= The Fourteen of Consolation =

Writing by Martin Luther

The Fourteen of Consolation (1519) (Tessaradecas consolaloria pro laborantibus et oneratis) is an early consolatory writing in Latin by the religious reformer Martin Luther. Prompted by the request of German humanist George Spalatin, Luther wrote this piece to provide comfort to Prince-elector Frederick the Wise in a period of severe illness when many feared for his life.

== Structure ==
The Fourteen of Consolation for those who are weary and burdened, to give the full title, is based on the contemporary reredos or altar screen, and possesses two main parts with seven chapters each. Luther envisions a reredos with two panels, one corresponding to evils and one corresponding to blessings.

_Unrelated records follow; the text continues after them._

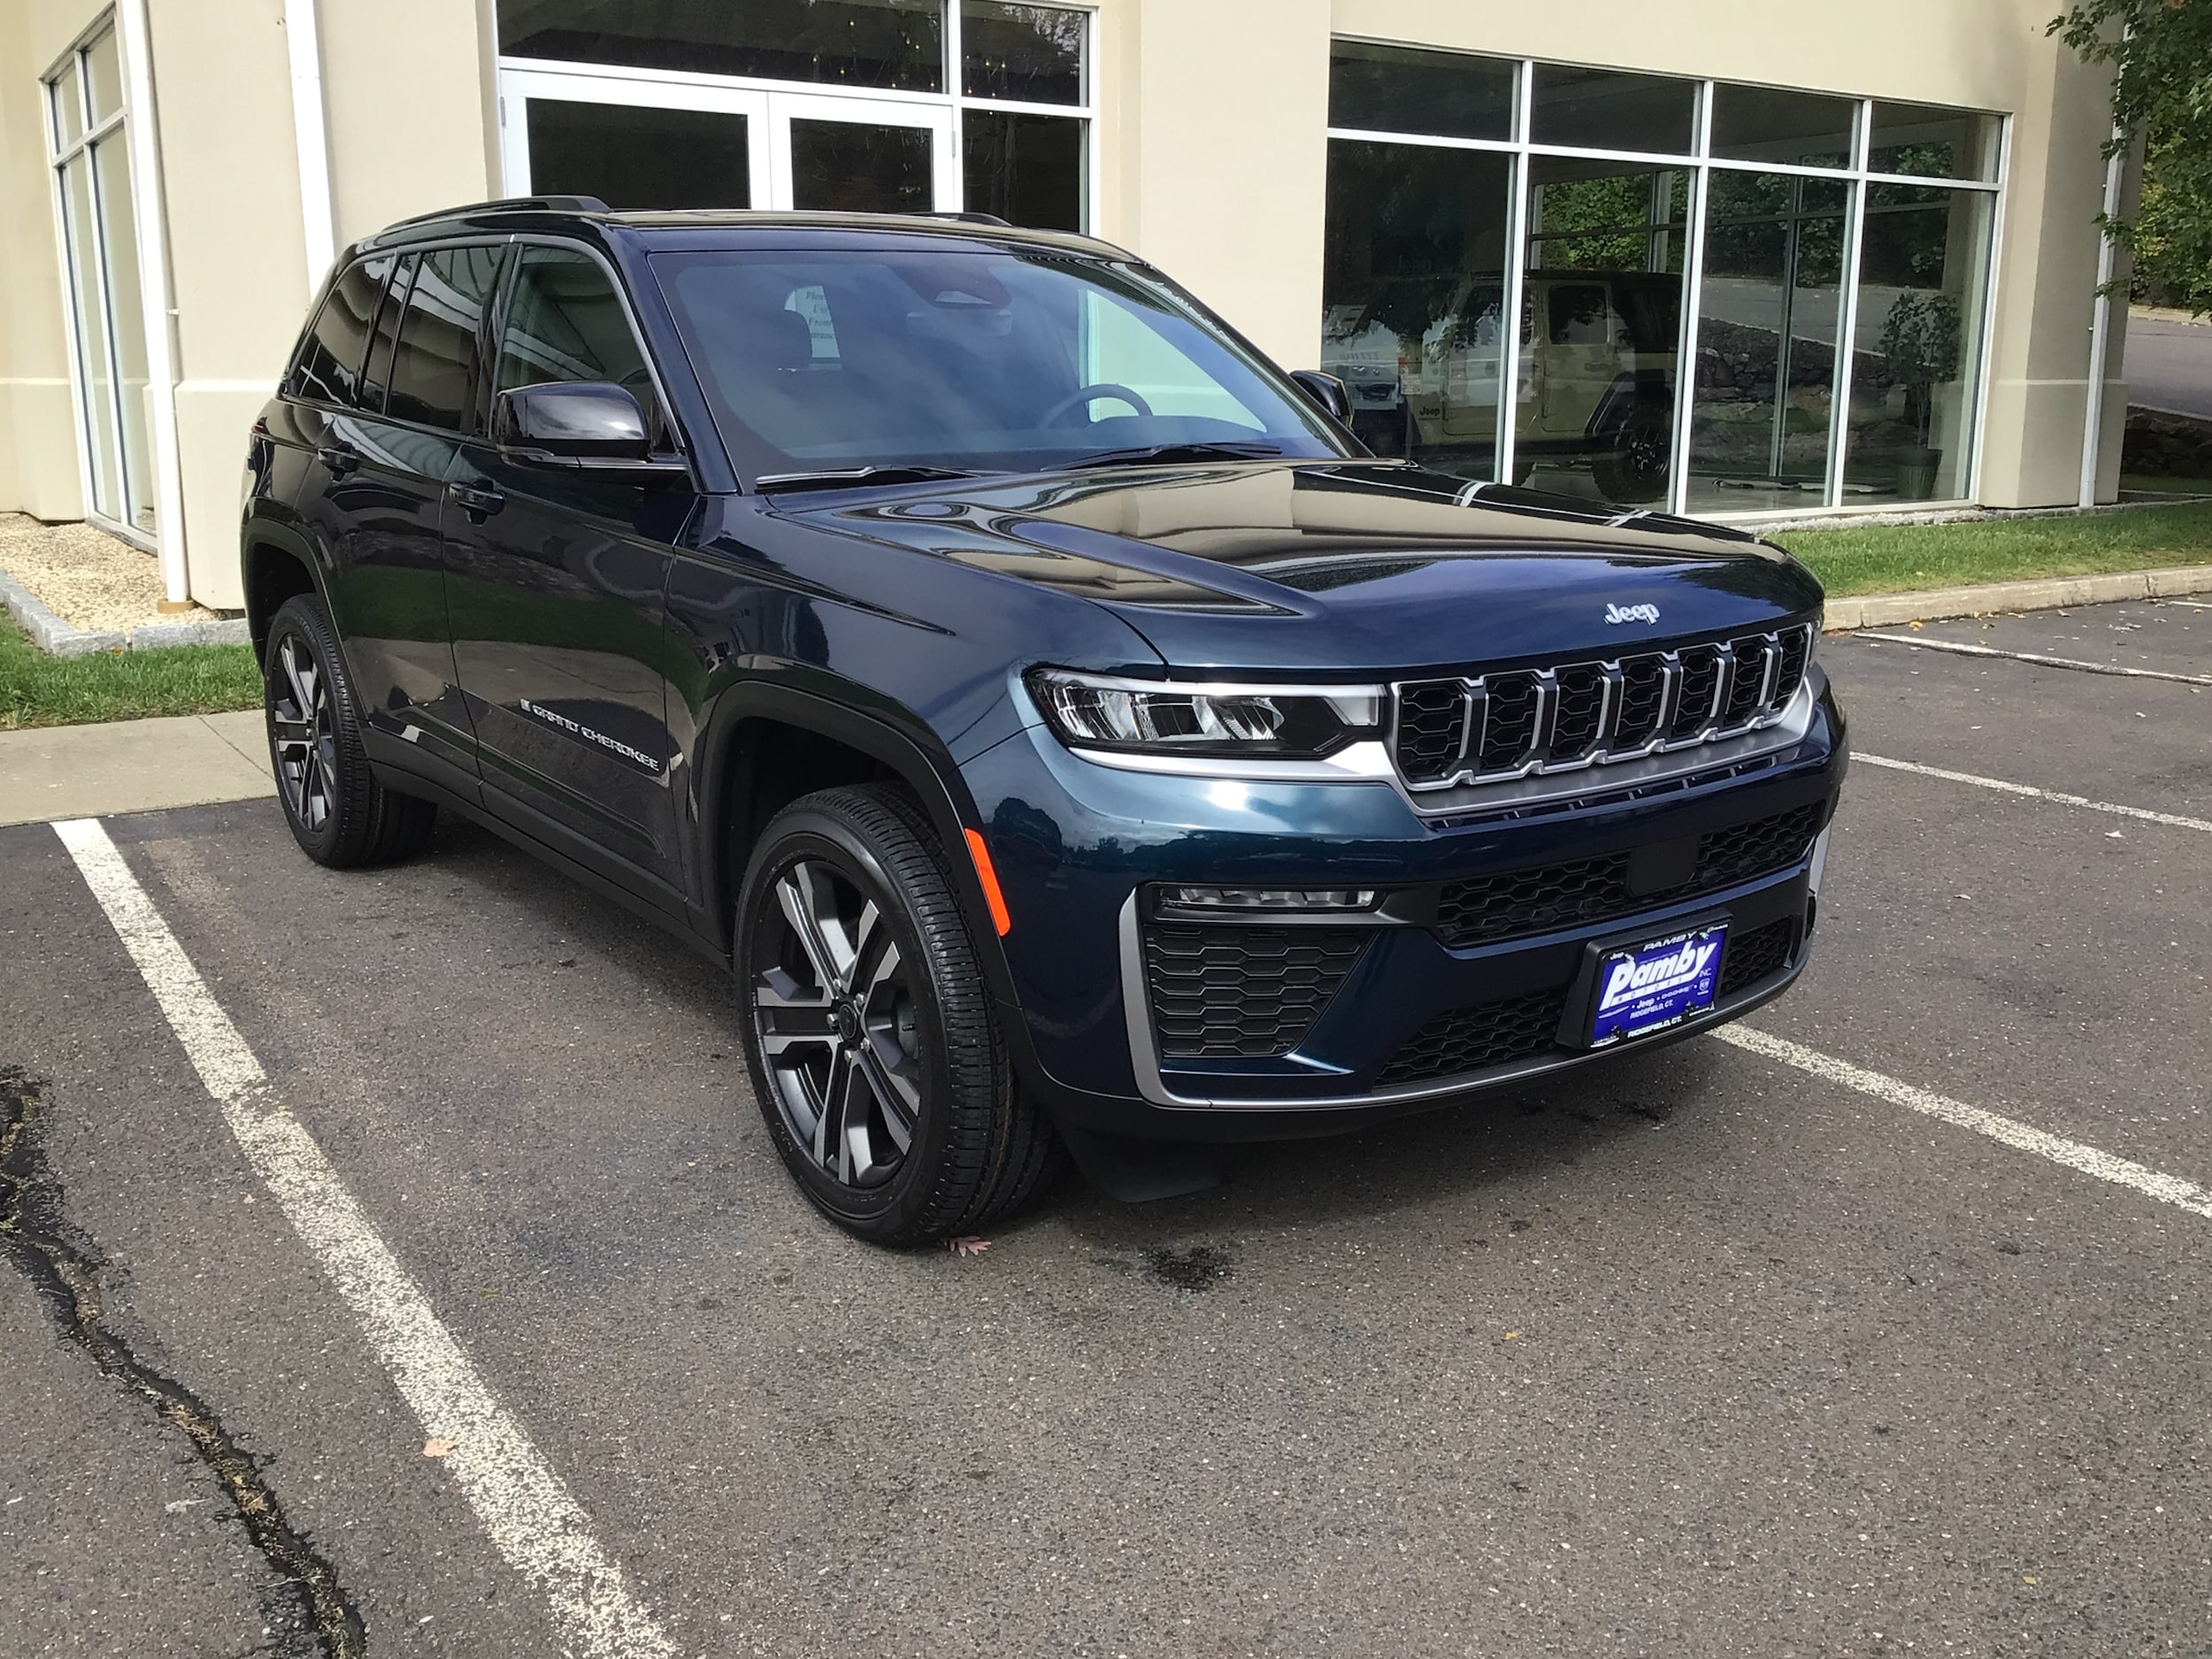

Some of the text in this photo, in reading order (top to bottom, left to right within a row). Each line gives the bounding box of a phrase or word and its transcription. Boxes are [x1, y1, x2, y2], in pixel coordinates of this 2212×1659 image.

[1419, 406, 1440, 417] Jeep
[1603, 603, 1661, 626] Jeep
[532, 704, 660, 772] GRAND CHEROKEE
[1643, 930, 1698, 952] PAMBY
[1599, 941, 1718, 1011] Pamby
[1637, 998, 1655, 1010] Jeep
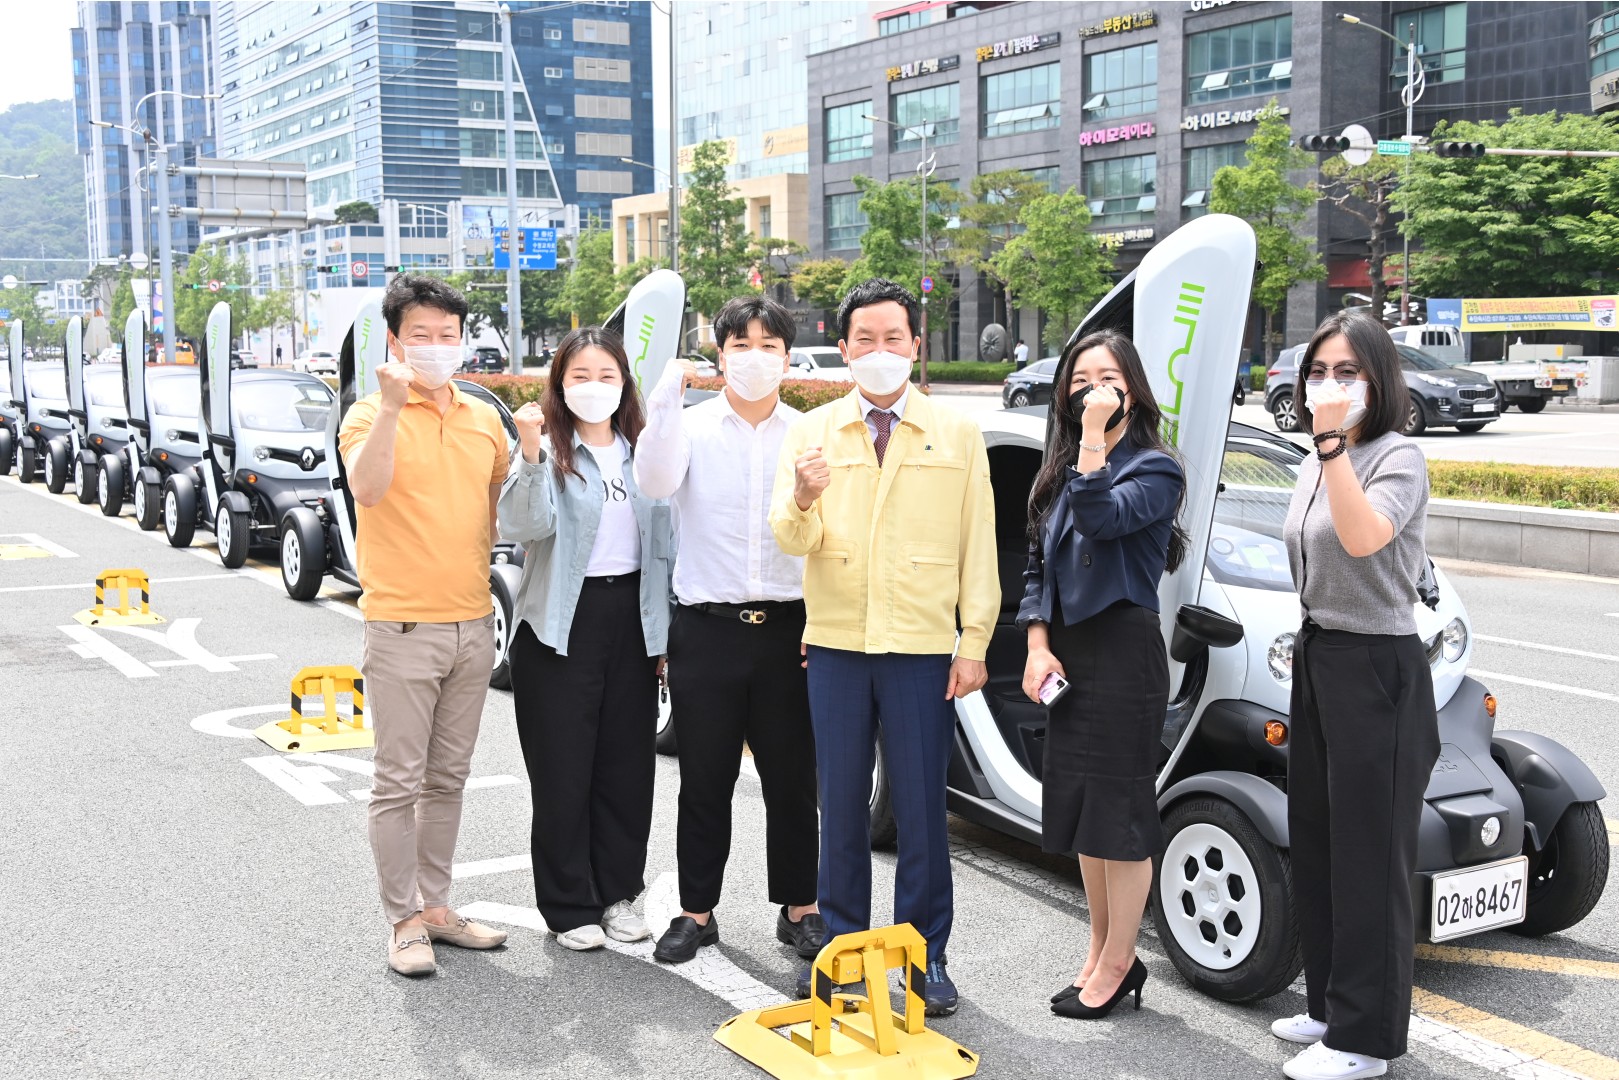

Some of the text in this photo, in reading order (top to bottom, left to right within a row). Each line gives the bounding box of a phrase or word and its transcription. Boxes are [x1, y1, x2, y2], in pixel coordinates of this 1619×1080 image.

[1103, 15, 1132, 33] 부동산
[1184, 110, 1231, 131] 하이모
[1079, 122, 1152, 146] 하이모레이디
[355, 265, 364, 273] 50
[1437, 879, 1522, 926] 02하8467

Specifically, each part's respective chapters address the evils or blessings (1) within, (2) before, (3) behind, (4) on the left, (5) on the right, (6) beneath, and (7) above us. Luther chose this metaphorical structure to not only provide comfort to Frederick as he faced death, but also to encourage him to turn away from invoking the popular regional cult of saints, called the Fourteen Holy Helpers. Luther in his dedicatory epistle wrote that "superstition has invented" them and that he felt motivated, from a Christian calling, to assist the sick.

==Influence==
Past scholarship has claimed that Luther was inspired in the above format by a panel painting of the Fourteen Holy Helpers at St. Mary's Church at Frederick the Wise's residence in Torgau. Called The Fourteen Helpers in Need, some even go so far as to claim that Luther "must have had it in mind" when writing. It is uncertain if Luther would have had knowledge of the panel painting by the time of the composition of The Fourteen of Consolation; it is clear, however, that Frederick the Wise did have familiarity with the piece and therefore would have picked up on a reference to it if one were being made.

== Publication ==
As Frederick the Wise was unable to read Latin, the language in which Luther wrote The Fourteen of Consolation, Spalatin translated the work into German for the Elector. Upon Frederick's recovery, both he and Spalatin encouraged Luther to publish the work; however, in a letter of December 7, 1519 to the court chaplain, Luther expressed hesitation and that it would be attacked "for its teaching of Christ." By early 1520 Frederick the Wise and Spalatin prevailed and The Fourteen of Consolation was distributed in both Latin and German.